If your dog developed a UTI, you may want to learn more about the use of cephalexin for dog urinary tract infections. Urinary tract infections in dogs are something that shouldn't be taken lightly: as in people, left untreated, urinary tract infections can become dangerous as bacteria may ascend into the kidneys creating significant complications. While it may be tempting to try to treat urinary tract infections at home using home remedies, should these not work, there are risks for things getting worse rather than better. If your dog has signs of urinary tract infection, the fastest way to get it under control is through the use of antibiotics and cephalexin for dog urinary tract infections is quite often prescribed.

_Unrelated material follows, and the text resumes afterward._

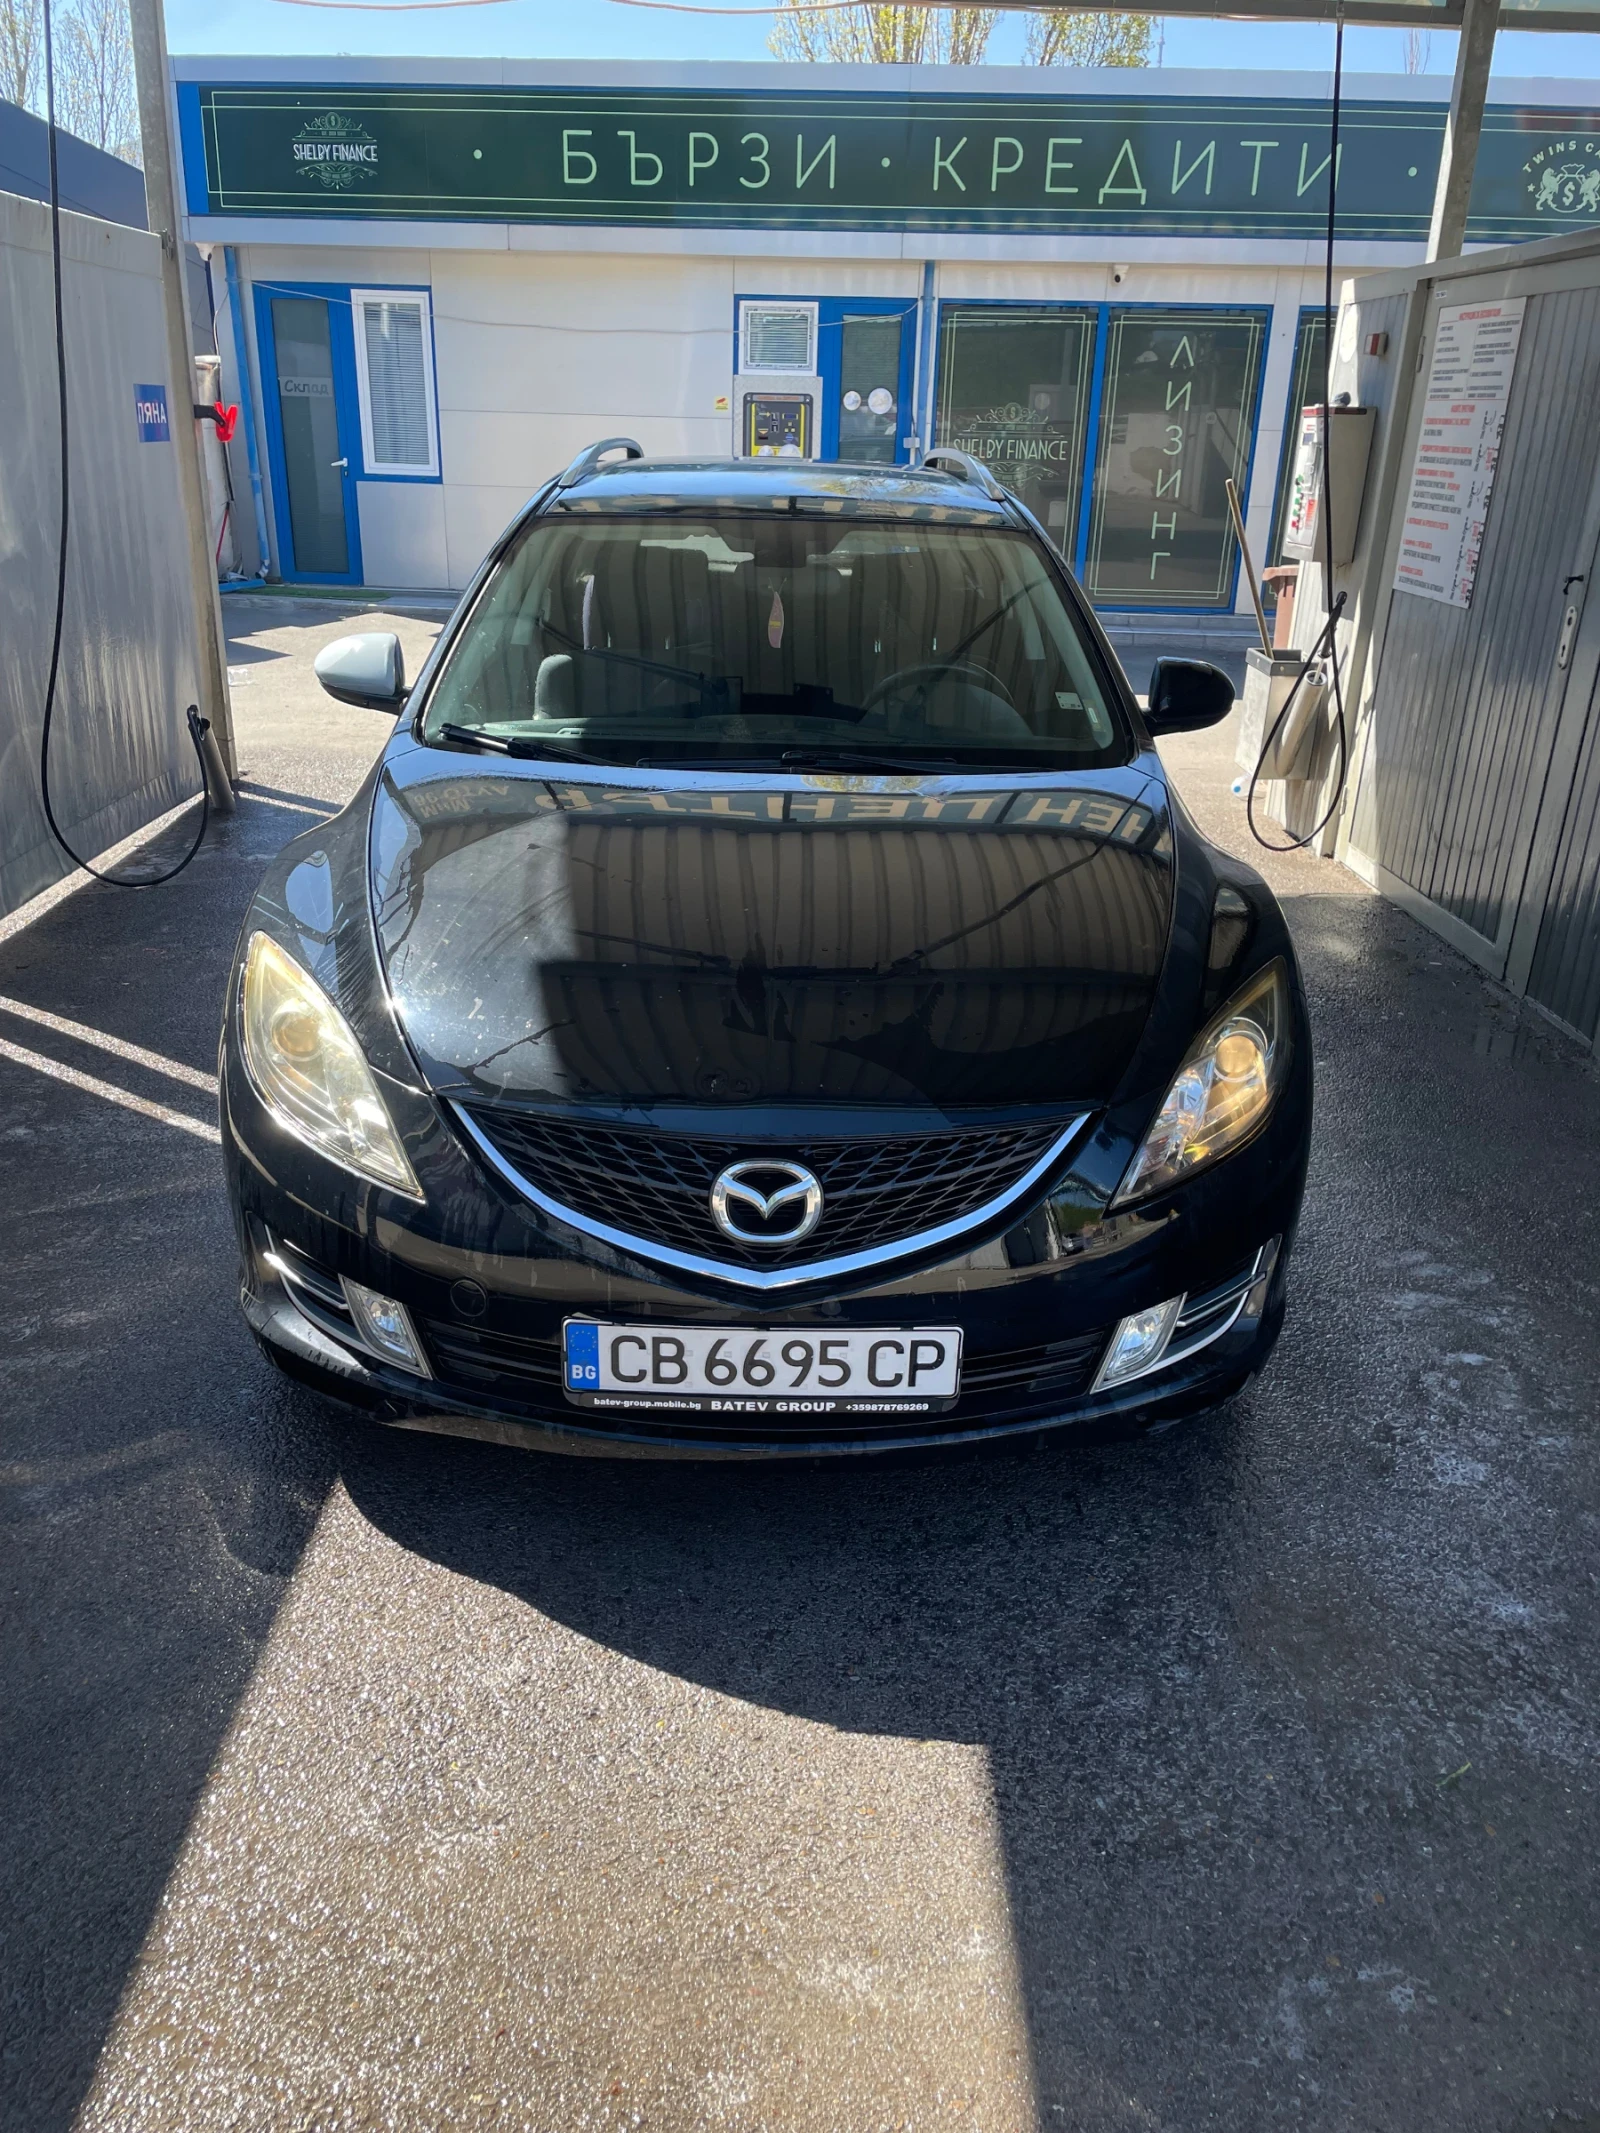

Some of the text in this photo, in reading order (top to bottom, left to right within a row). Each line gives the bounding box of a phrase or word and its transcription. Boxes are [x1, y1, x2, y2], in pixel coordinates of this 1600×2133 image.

puppy squatting and can't pee

Dog Urinary Tract Infections 

Urinary tract infections are not uncommon in dogs. Typically, when dogs are affected, they develop frequent urination, dribbling of urine around the house (even in a perfectly house trained dog), blood tinged or discolored urine, repeated squatting producing just little drops, a strong odor to the urine, licking the private areas because of burning sensation and increased fluid intake.

Urinary tract infections are particularly common in female dogs. This is because of their anatomy. With their urethra (the tube that connects the dog's bladder to the the outside) being short and wide, this feature allows bacteria easy access to enter the bladder and cause a potential infection, explains veterinarian Dr. Fiona. Male dogs can get urinary tract infections too, but they are less common due to their longer urethra.

"How did my dog end up getting a urinary tract infection?" There can be various causes of urinary tract infections in dogs. On top of anatomical features, there are several others potential predisposing factors. For instance, dogs who are overweight or dogs who have had a recent bout of diarrhea, (due to fecal contamination) may be more predisposed.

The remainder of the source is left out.